You make a valid assertion, of course, Derb: Sometimes economic growth makes more use of labor and sometimes it makes more use of capital. And Jacoby’s suggestion that throughout American history growth “required” a growing pool of labor is simply mistaken, as witness that immigration was largely choked off in 1924—and that the economy nevertheless boomed until 1929. (When the economy at last crashed, it did so for reasons that center on the banking system, not the labor supply). But may I very respectfully suggest that one ought to be very, very careful about setting up Japan as an example?
Japan has just undergone nearly 15 years–15 years–of economic stagnation. That article in The Economist expresses the hope that after turning in an acceptable rate of growth last year (and it was only acceptable: compare Japan’s 2.6 percent rate of growth in 2003 with an average rate of growth of more than three percent in the United States during both the Reagan and Clinton years) Japan might finally be turning the corner.

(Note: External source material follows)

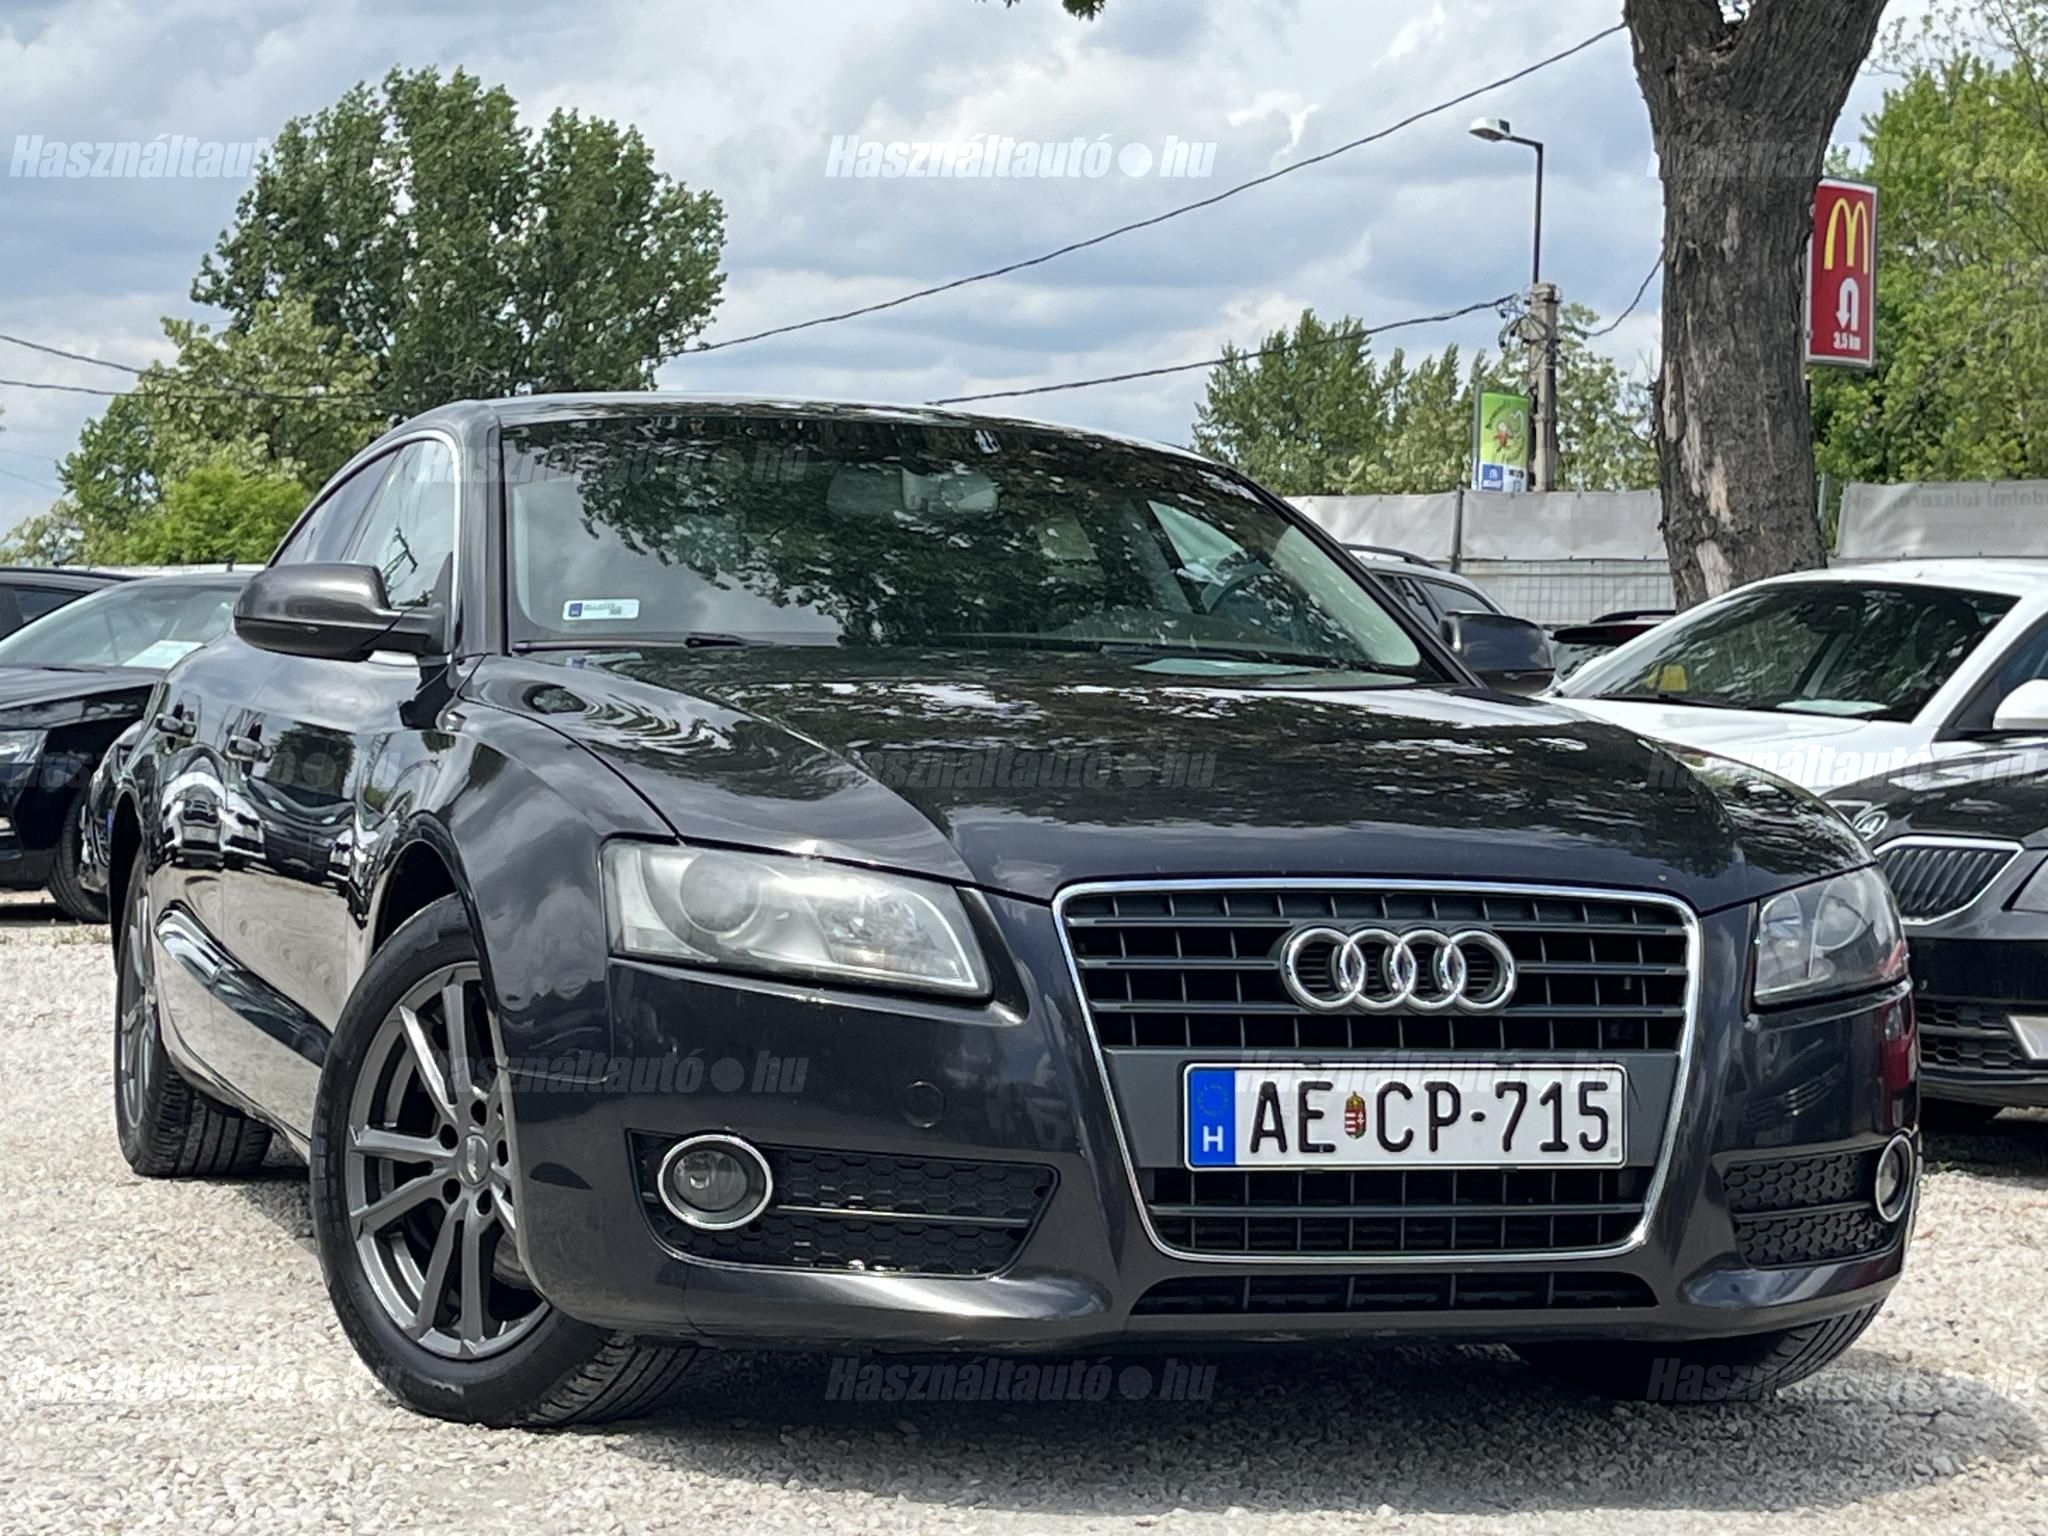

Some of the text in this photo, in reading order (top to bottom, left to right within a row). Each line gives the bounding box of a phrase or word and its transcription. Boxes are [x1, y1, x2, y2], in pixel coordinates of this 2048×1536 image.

And then again, it might not.
The point? If a pool of labor is fixed, or even, as it ages, shrinking, like the pool of labor in Japan over these past 15 years—and like our own pool of labor, absent the last couple of decades of immigration—then an economy must grow by making use only of capital. No doubt it can be done. But the Japanese have spent almost a decade-and-a-half proving that it can be a difficult trick.